Introduction and Validation of a Novel Acute Pancreatitis Digital Tool: Interrogating Large Pooled Data From 2 Prospectively Ascertained Cohorts

Pedram Paragomi, Daniel M. Spagnolo, Cameron R. Breze, Amir Gougol, Rupjyoti Talukdar, Rakesh Kochhar, Mahesh Kumar Goenka, Aiste Gulla, Jose A. Gonzalez, Vikesh K. Singh, Miguel Ferreira, Tyler Stevens, Sorin T. Barbu, Haq Nawaz, Silvia C. Gutierrez, Narcis O. Zarnescu, Livia Archibugi, Jeffrey J. Easler, Konstantinos Triantafyllou, Mario Pelaez-LunaShyam Thakkar, Carlos Ocampo, Enrique de-Madaria, Gregory A. Cote, Bechien U. Wu, Ioannis Pothoulakis, Mark Haupt, David C. Whitcomb, Georgios I. Papachristou

Research output: Contribution to journalArticlepeer-review

Abstract

OBJECTIVES: Acute pancreatitis (AP) is a sudden onset, rapidly evolving inflammatory response with systemic inflammation and multiorgan failure (MOF) in a subset of patients.
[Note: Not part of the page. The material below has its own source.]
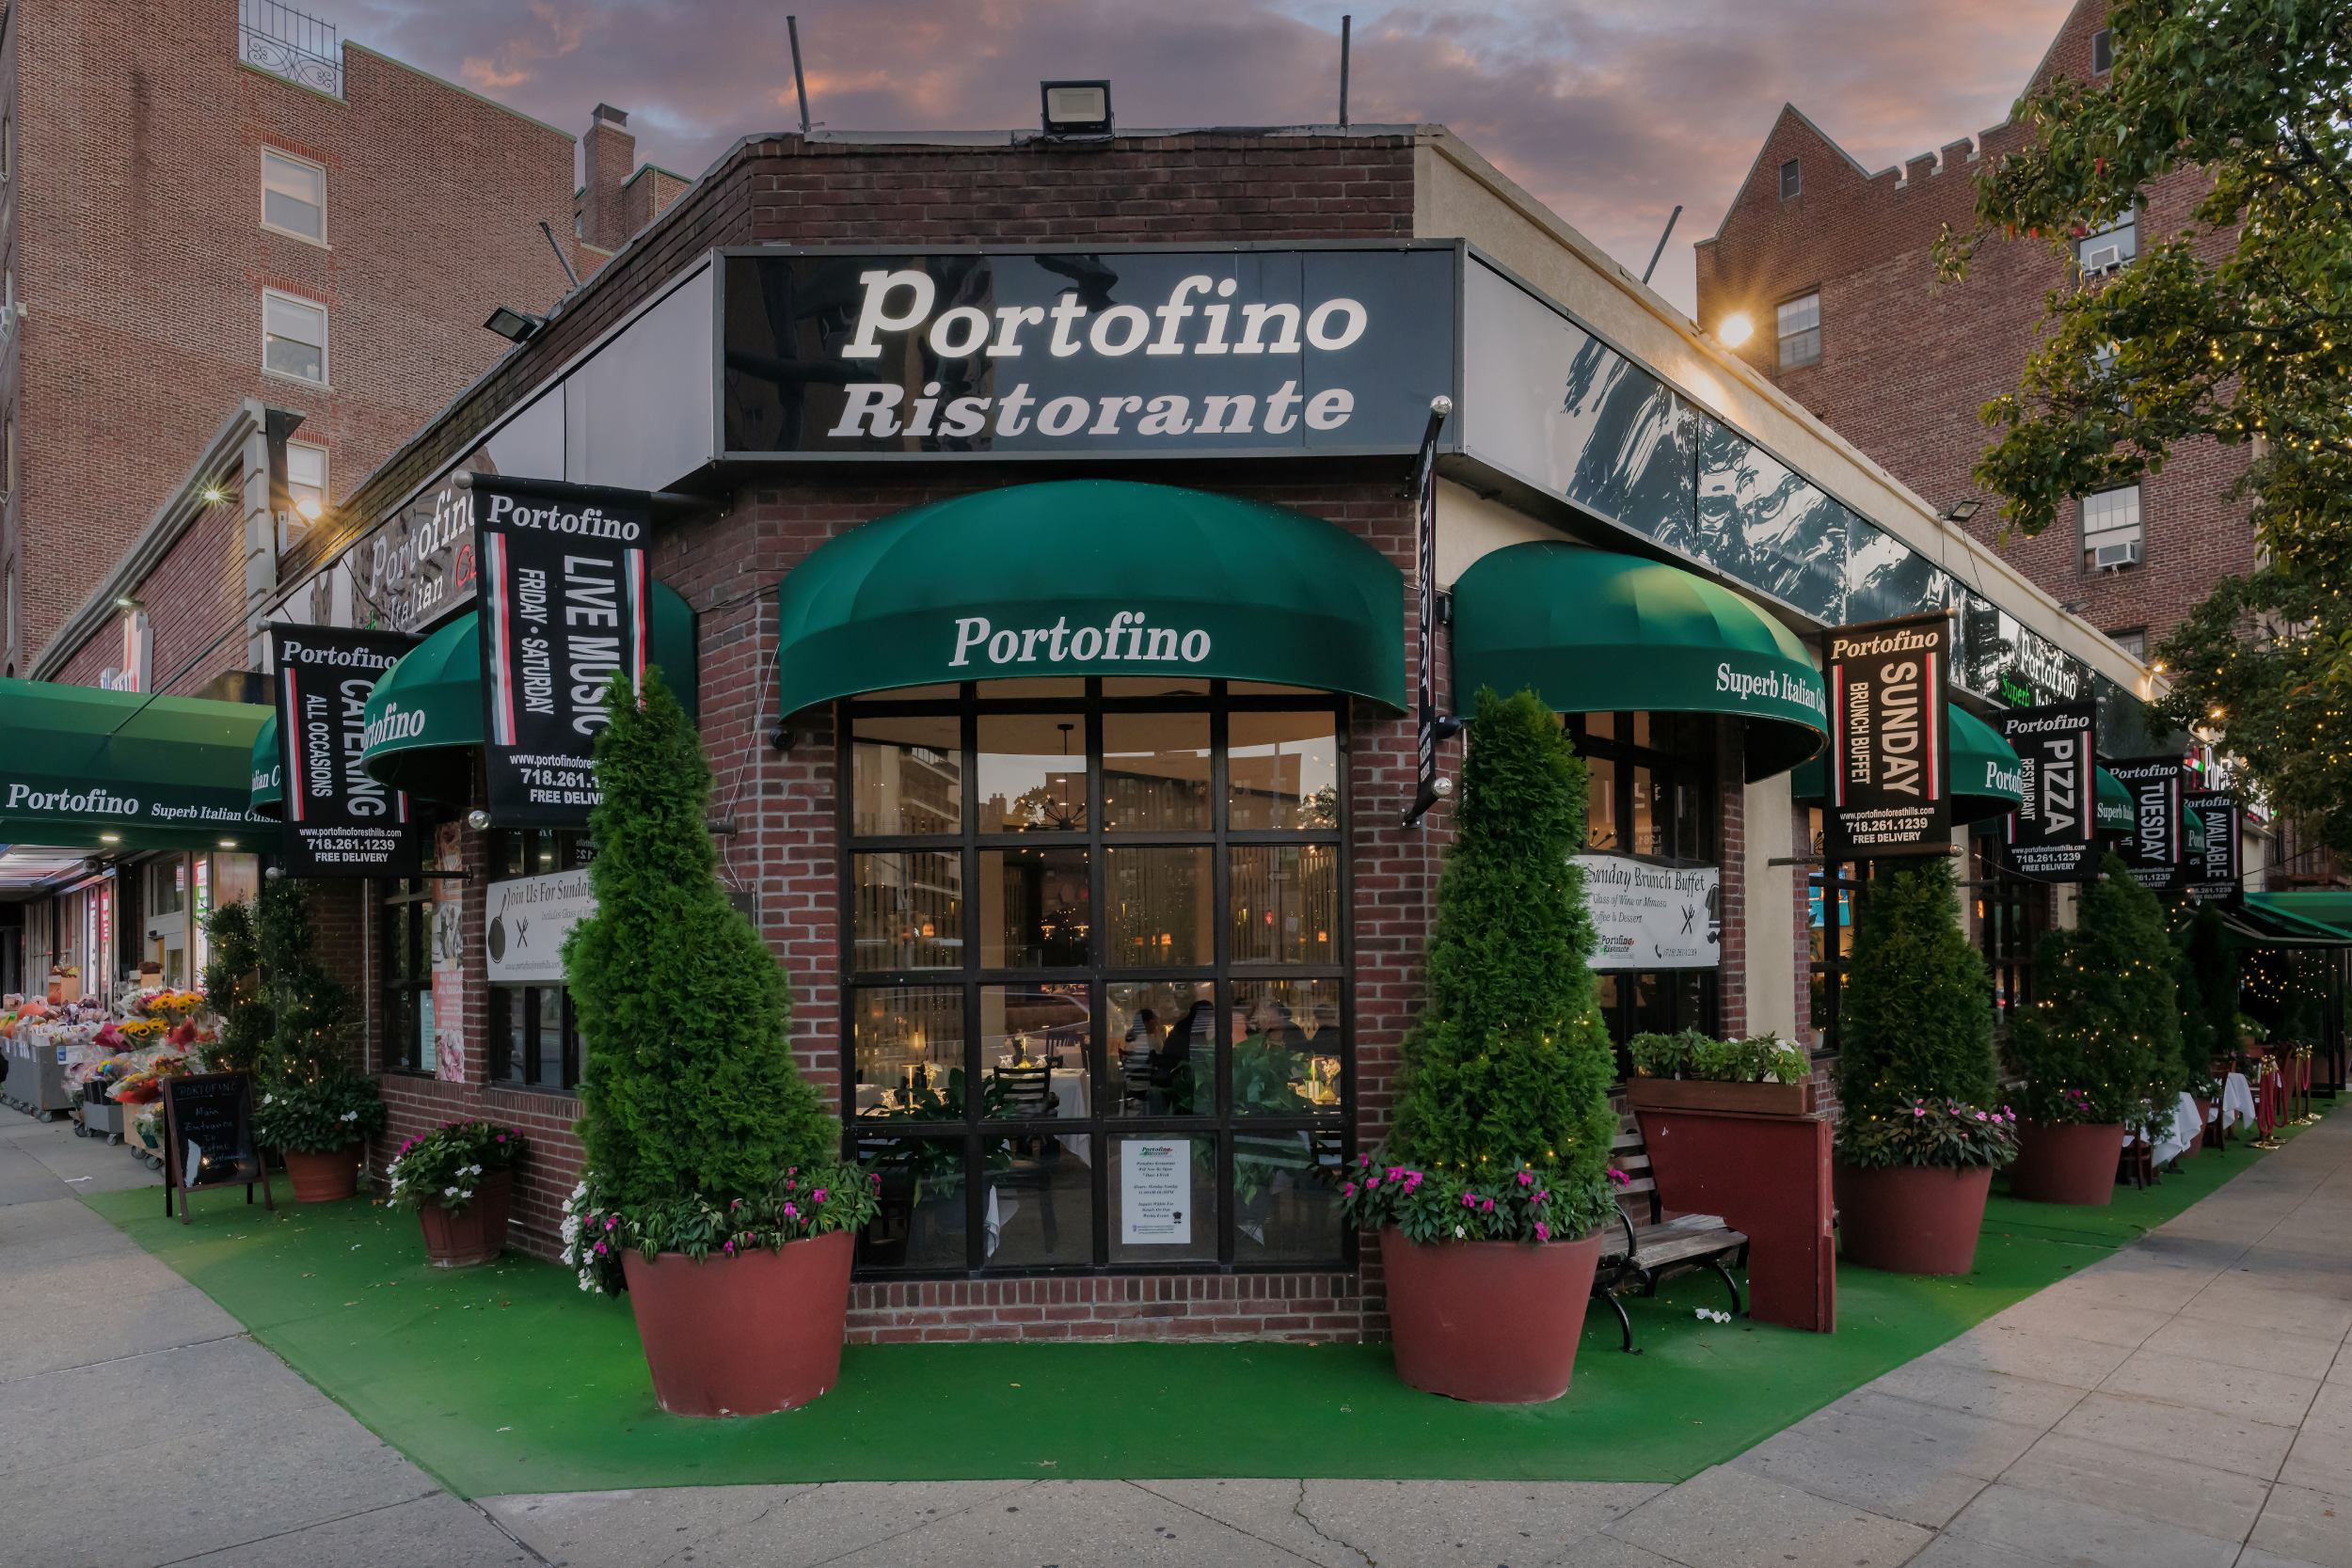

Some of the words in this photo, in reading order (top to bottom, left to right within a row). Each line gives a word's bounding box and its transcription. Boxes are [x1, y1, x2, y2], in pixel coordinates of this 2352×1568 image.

New highly accurate clinical decision support tools are needed to allow local doctors to provide expert care. METHODS: Ariel Dynamic Acute Pancreatitis Tracker (ADAPT) is a digital tool to guide physicians in ordering standard tests, evaluate test results and model progression using available data, propose emergent therapies. The accuracy of the severity score calculators was tested using 2 prospectively ascertained Acute Pancreatitis Patient Registry to Examine Novel Therapies in Clinical Experience cohorts (pilot University of Pittsburgh Medical Center, n = 163; international, n = 1544). RESULTS: The ADAPT and post hoc expert-calculated AP severity scores were 100% concordant in both pilot and international cohorts. High-risk criteria of all 4 severity scores at admission were associated with moderately-severe or severe AP and MOF (both P < 0.0001) and prediction of no MOF was 97.8% to 98.9%. The positive predictive value for MOF was 7.5% to 14.9%. CONCLUSIONS: The ADAPT tool showed 100% accuracy with AP predictive metrics. Prospective evaluation of ADAPT features is needed to determine if additional data can accurately predict and mitigate severe AP and MOF.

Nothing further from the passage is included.